While light-sheet microscopy is often compared to confocal microscopy because it can capture 3D images, it has two significant features:
In confocal microscopy, due to the epifluorescence illumination, excitation light hits the upper and lower sides of the focal plane, causing sample fading and phototoxicity. In contrast, light-sheet microscopy illuminates the sample’s focal plane parallelly, avoiding excitation light exposure to the upper and lower sides of the focal plane, which reduces fading and phototoxicity (see Figure 1).

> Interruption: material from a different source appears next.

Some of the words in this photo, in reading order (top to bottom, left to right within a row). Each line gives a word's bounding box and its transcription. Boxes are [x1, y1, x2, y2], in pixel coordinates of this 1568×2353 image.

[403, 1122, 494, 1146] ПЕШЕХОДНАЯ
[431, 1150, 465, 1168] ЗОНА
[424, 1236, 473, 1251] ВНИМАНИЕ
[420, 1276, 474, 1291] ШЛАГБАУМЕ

Additionally, while confocal microscopy requires scanning in the XY direction during imaging, light-sheet microscopy illuminates the XY plane all at once, eliminating the need for scanning and enabling faster imaging (see Figures 2 and 3).
Figure 1: Differences in illumination methods between confocal microscopy and light-sheet microscopy
Figure 2: Excitation light illumination image in confocal microscopy
Figure 3: Schematic diagram of light-sheet microscopy (SPIM)

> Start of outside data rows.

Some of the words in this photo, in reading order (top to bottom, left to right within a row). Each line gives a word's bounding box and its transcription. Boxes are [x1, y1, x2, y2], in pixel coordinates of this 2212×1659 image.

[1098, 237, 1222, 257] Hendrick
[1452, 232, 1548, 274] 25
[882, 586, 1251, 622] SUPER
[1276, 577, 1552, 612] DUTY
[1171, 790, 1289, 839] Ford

The disadvantage of light-sheet microscopy compared to confocal microscopy lies in its lower resolution. In light-sheet microscopy, you need two objective lenses—one for excitation light illumination and another for fluorescence detection—both of which must be brought close to the sample. However, when attempting to use high-NA (numerical aperture) objective lenses, interference occurs between the objective lenses due to their working distances. As a result, you have no choice but to use low-magnification, low-NA objective lenses with a certain working distance.
Additionally, while sheet light allows clean image acquisition immediately after exiting the excitation objective lens, at positions farther from the emission side of the objective lens, the image quality decreases due to scattering of excitation light by the sample and increased background light. To overcome this, recent advancements include light-sheet microscopes with objective lenses positioned in two directions, enabling excitation light to be irradiated from both directions (see Figure 3).

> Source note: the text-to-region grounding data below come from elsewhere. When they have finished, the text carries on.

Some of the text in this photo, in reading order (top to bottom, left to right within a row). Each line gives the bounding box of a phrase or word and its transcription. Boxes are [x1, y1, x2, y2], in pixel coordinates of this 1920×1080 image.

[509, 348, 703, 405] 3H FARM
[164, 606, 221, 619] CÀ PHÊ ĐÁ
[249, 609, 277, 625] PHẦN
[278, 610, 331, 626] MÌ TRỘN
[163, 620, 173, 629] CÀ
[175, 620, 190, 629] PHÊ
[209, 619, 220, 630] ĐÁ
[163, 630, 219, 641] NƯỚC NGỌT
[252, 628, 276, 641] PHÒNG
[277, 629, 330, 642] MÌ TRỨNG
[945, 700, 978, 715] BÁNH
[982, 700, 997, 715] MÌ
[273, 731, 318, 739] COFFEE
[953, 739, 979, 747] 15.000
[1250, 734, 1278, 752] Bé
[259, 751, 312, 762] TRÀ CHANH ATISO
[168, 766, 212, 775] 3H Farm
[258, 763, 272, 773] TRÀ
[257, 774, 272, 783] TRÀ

Observation method | Confocal microscopy | Light-sheet microscopy |
---|---|---|
Capture speed | Slow | Fast |
Resolution | High | Low |
Sample phototoxicity | High | Low |
SPIM (selective plane illumination microscopy) is a light-sheet microscopy technique that creates a sheet of light by expanding a laser using a cylindrical lens. Unlike DSLM (digital scanned light-sheet microscopy), SPIM eliminates the need for laser scanning, resulting in a simpler optical system and easier synchronization with cameras.
DSLM (digital scanned light-sheet microscopy) creates a pseudo-light-sheet by scanning lasers. By combining laser scanning timing with the light-sheet readout mode (mentioned later), DSLM can acquire lower-noise images compared to SPIM.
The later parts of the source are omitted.